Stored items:
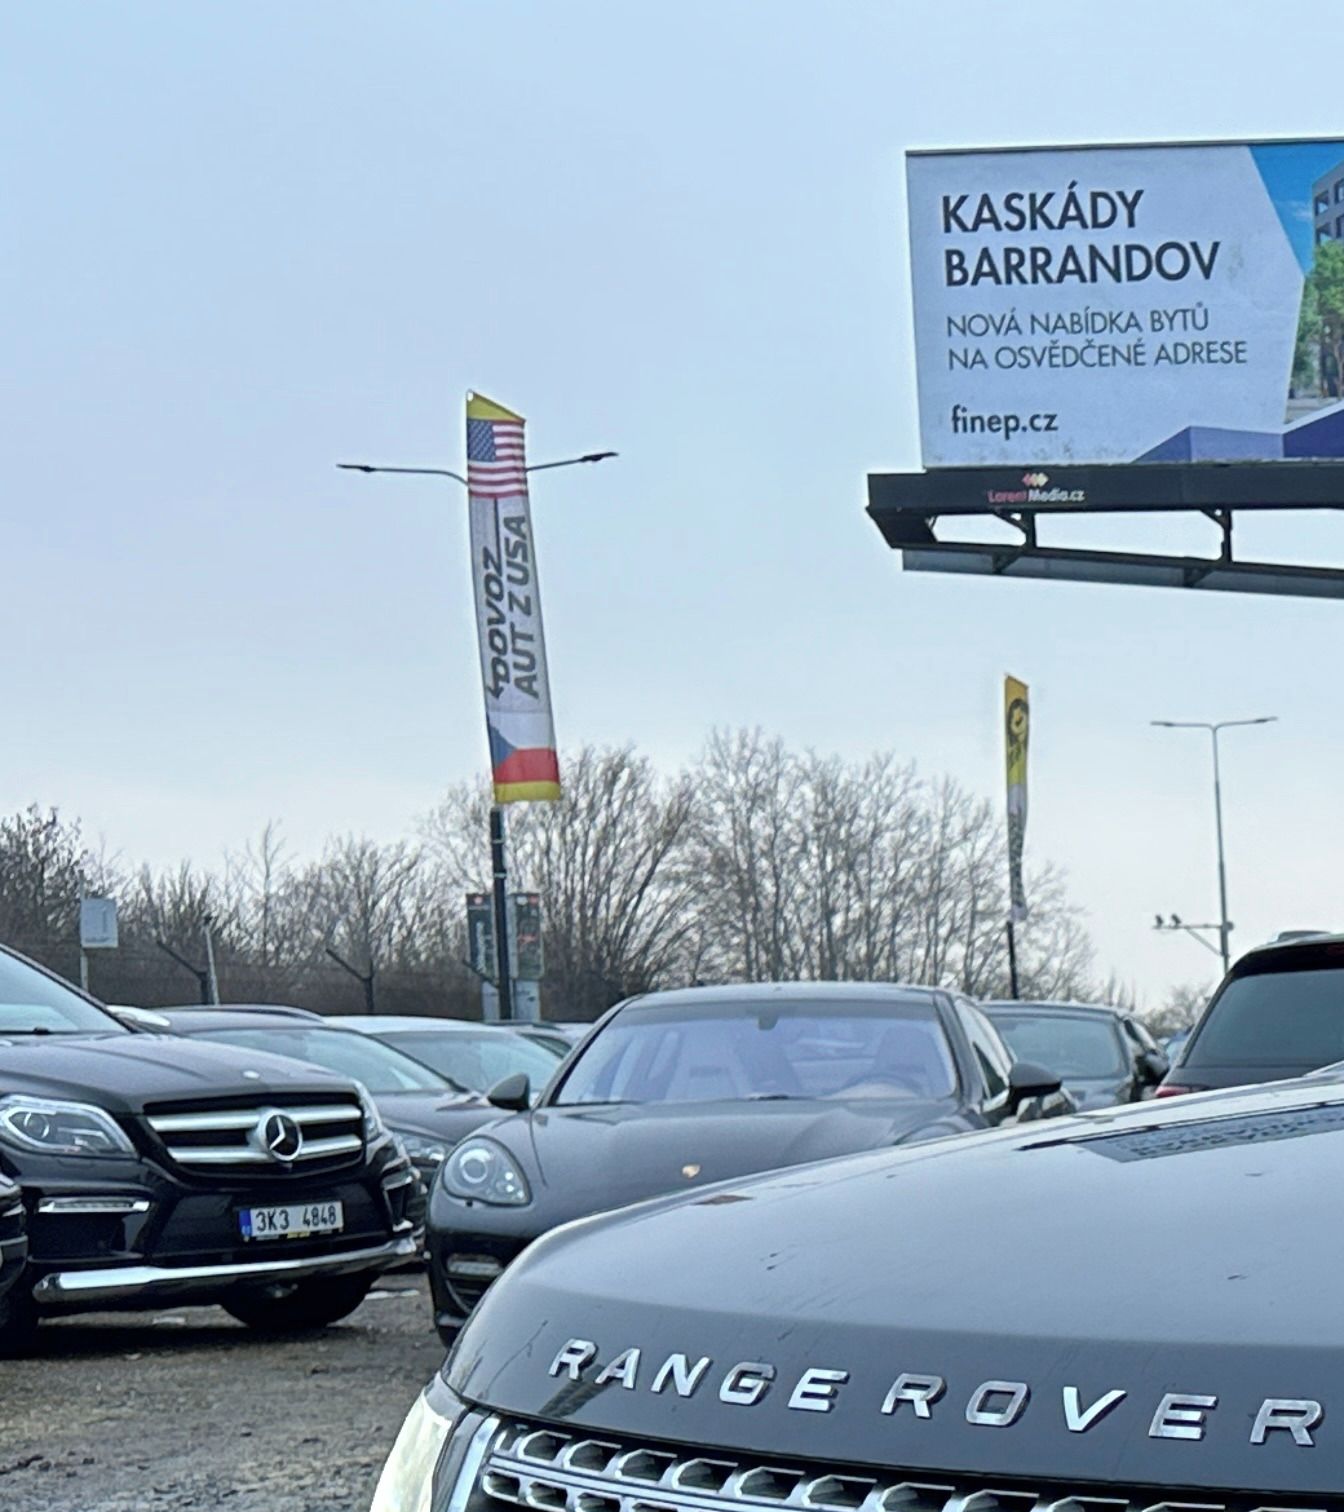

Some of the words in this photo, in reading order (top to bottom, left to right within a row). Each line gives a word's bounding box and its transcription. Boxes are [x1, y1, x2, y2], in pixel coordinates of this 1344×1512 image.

[942, 180, 1144, 233] KASKÁDY
[945, 241, 1220, 286] BARRANDOV
[947, 307, 1022, 337] NOVÁ
[1030, 306, 1143, 334] NABÍDKA
[1151, 301, 1209, 332] BYTŮ
[949, 348, 988, 370] NA
[995, 337, 1147, 369] OSVĚDČENÉ
[1154, 340, 1248, 366] ADRESE
[951, 404, 1059, 440] finep.cz
[504, 515, 530, 586] USA
[483, 546, 511, 685] DOVOZ
[508, 590, 532, 616] Z
[510, 622, 540, 699] AUT
[256, 1209, 290, 1232] 3K3
[302, 1205, 337, 1227] 4848
[548, 1339, 849, 1412] RANGE
[881, 1373, 1323, 1446] ROVER

## EXERCISE
Without changing a word, retype the data above and omit its pictures.

## TASK ANSWER
Some of the words in this photo, in reading order (top to bottom, left to right within a row). Each line gives a word's bounding box and its transcription. Boxes are [x1, y1, x2, y2], in pixel coordinates of this 1344×1512 image.

[942, 180, 1144, 233] KASKÁDY
[945, 241, 1220, 286] BARRANDOV
[947, 307, 1022, 337] NOVÁ
[1030, 306, 1143, 334] NABÍDKA
[1151, 301, 1209, 332] BYTŮ
[949, 348, 988, 370] NA
[995, 337, 1147, 369] OSVĚDČENÉ
[1154, 340, 1248, 366] ADRESE
[951, 404, 1059, 440] finep.cz
[504, 515, 530, 586] USA
[483, 546, 511, 685] DOVOZ
[508, 590, 532, 616] Z
[510, 622, 540, 699] AUT
[256, 1209, 290, 1232] 3K3
[302, 1205, 337, 1227] 4848
[548, 1339, 849, 1412] RANGE
[881, 1373, 1323, 1446] ROVER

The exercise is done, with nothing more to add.